■ **Excerpted records**
--- START ---
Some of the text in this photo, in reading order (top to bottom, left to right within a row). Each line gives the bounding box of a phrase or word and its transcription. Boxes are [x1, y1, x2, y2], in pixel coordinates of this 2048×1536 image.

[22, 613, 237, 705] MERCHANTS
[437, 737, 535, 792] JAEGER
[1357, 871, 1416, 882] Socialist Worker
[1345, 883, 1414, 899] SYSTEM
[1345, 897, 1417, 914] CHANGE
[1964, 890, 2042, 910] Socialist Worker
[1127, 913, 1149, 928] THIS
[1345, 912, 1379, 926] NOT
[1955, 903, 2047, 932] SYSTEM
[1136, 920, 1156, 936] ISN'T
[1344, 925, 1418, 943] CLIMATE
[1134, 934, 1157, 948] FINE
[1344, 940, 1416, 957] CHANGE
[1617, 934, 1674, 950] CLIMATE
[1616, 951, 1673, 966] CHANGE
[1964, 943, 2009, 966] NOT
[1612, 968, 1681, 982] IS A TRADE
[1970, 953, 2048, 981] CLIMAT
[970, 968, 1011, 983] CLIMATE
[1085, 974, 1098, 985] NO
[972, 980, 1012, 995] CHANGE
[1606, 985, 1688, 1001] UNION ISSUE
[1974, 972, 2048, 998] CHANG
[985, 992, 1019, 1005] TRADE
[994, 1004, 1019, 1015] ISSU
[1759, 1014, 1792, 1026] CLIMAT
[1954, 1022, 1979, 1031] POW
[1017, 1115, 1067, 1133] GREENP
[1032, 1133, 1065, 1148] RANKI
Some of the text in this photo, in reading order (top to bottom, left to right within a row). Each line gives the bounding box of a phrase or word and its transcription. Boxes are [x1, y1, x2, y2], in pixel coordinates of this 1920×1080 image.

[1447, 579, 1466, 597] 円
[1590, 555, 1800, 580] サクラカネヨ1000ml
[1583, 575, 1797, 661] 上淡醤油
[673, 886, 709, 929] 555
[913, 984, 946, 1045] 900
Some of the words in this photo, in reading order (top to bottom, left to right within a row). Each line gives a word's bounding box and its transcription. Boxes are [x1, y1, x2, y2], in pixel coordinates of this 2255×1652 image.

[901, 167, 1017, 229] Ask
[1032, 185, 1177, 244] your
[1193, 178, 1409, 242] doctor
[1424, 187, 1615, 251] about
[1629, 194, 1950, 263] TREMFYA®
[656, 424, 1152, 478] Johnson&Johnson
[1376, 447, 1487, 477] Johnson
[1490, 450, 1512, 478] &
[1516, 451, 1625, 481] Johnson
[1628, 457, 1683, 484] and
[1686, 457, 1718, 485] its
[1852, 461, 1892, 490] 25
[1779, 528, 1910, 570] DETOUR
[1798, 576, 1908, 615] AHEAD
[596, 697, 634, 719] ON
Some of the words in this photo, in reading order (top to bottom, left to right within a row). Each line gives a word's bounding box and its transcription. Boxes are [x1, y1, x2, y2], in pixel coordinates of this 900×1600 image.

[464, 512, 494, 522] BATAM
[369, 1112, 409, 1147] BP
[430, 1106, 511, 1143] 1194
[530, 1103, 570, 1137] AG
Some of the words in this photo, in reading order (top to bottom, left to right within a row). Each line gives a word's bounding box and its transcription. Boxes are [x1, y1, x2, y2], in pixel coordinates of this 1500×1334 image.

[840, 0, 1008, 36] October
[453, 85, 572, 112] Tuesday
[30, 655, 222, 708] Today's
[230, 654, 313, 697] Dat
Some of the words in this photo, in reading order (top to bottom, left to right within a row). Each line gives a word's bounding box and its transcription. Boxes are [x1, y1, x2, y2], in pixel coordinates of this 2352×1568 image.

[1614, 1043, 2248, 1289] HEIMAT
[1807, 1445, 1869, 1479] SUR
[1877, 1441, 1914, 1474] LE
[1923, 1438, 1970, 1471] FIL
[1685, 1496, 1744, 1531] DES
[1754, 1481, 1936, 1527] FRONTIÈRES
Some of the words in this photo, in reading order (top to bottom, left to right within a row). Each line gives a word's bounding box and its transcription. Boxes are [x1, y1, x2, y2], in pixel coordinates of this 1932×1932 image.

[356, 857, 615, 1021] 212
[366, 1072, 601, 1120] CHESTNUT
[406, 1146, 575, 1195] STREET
--- END ---
■ **Exercise objective**
Reproduce all the records precisely.

■ **Response area**
Some of the text in this photo, in reading order (top to bottom, left to right within a row). Each line gives the bounding box of a phrase or word and its transcription. Boxes are [x1, y1, x2, y2], in pixel coordinates of this 2048×1536 image.

[22, 613, 237, 705] MERCHANTS
[437, 737, 535, 792] JAEGER
[1357, 871, 1416, 882] Socialist Worker
[1345, 883, 1414, 899] SYSTEM
[1345, 897, 1417, 914] CHANGE
[1964, 890, 2042, 910] Socialist Worker
[1127, 913, 1149, 928] THIS
[1345, 912, 1379, 926] NOT
[1955, 903, 2047, 932] SYSTEM
[1136, 920, 1156, 936] ISN'T
[1344, 925, 1418, 943] CLIMATE
[1134, 934, 1157, 948] FINE
[1344, 940, 1416, 957] CHANGE
[1617, 934, 1674, 950] CLIMATE
[1616, 951, 1673, 966] CHANGE
[1964, 943, 2009, 966] NOT
[1612, 968, 1681, 982] IS A TRADE
[1970, 953, 2048, 981] CLIMAT
[970, 968, 1011, 983] CLIMATE
[1085, 974, 1098, 985] NO
[972, 980, 1012, 995] CHANGE
[1606, 985, 1688, 1001] UNION ISSUE
[1974, 972, 2048, 998] CHANG
[985, 992, 1019, 1005] TRADE
[994, 1004, 1019, 1015] ISSU
[1759, 1014, 1792, 1026] CLIMAT
[1954, 1022, 1979, 1031] POW
[1017, 1115, 1067, 1133] GREENP
[1032, 1133, 1065, 1148] RANKI
Some of the text in this photo, in reading order (top to bottom, left to right within a row). Each line gives the bounding box of a phrase or word and its transcription. Boxes are [x1, y1, x2, y2], in pixel coordinates of this 1920×1080 image.

[1447, 579, 1466, 597] 円
[1590, 555, 1800, 580] サクラカネヨ1000ml
[1583, 575, 1797, 661] 上淡醤油
[673, 886, 709, 929] 555
[913, 984, 946, 1045] 900
Some of the words in this photo, in reading order (top to bottom, left to right within a row). Each line gives a word's bounding box and its transcription. Boxes are [x1, y1, x2, y2], in pixel coordinates of this 2255×1652 image.

[901, 167, 1017, 229] Ask
[1032, 185, 1177, 244] your
[1193, 178, 1409, 242] doctor
[1424, 187, 1615, 251] about
[1629, 194, 1950, 263] TREMFYA®
[656, 424, 1152, 478] Johnson&Johnson
[1376, 447, 1487, 477] Johnson
[1490, 450, 1512, 478] &
[1516, 451, 1625, 481] Johnson
[1628, 457, 1683, 484] and
[1686, 457, 1718, 485] its
[1852, 461, 1892, 490] 25
[1779, 528, 1910, 570] DETOUR
[1798, 576, 1908, 615] AHEAD
[596, 697, 634, 719] ON
Some of the words in this photo, in reading order (top to bottom, left to right within a row). Each line gives a word's bounding box and its transcription. Boxes are [x1, y1, x2, y2], in pixel coordinates of this 900×1600 image.

[464, 512, 494, 522] BATAM
[369, 1112, 409, 1147] BP
[430, 1106, 511, 1143] 1194
[530, 1103, 570, 1137] AG
Some of the words in this photo, in reading order (top to bottom, left to right within a row). Each line gives a word's bounding box and its transcription. Boxes are [x1, y1, x2, y2], in pixel coordinates of this 1500×1334 image.

[840, 0, 1008, 36] October
[453, 85, 572, 112] Tuesday
[30, 655, 222, 708] Today's
[230, 654, 313, 697] Dat
Some of the words in this photo, in reading order (top to bottom, left to right within a row). Each line gives a word's bounding box and its transcription. Boxes are [x1, y1, x2, y2], in pixel coordinates of this 2352×1568 image.

[1614, 1043, 2248, 1289] HEIMAT
[1807, 1445, 1869, 1479] SUR
[1877, 1441, 1914, 1474] LE
[1923, 1438, 1970, 1471] FIL
[1685, 1496, 1744, 1531] DES
[1754, 1481, 1936, 1527] FRONTIÈRES
Some of the words in this photo, in reading order (top to bottom, left to right within a row). Each line gives a word's bounding box and its transcription. Boxes are [x1, y1, x2, y2], in pixel coordinates of this 1932×1932 image.

[356, 857, 615, 1021] 212
[366, 1072, 601, 1120] CHESTNUT
[406, 1146, 575, 1195] STREET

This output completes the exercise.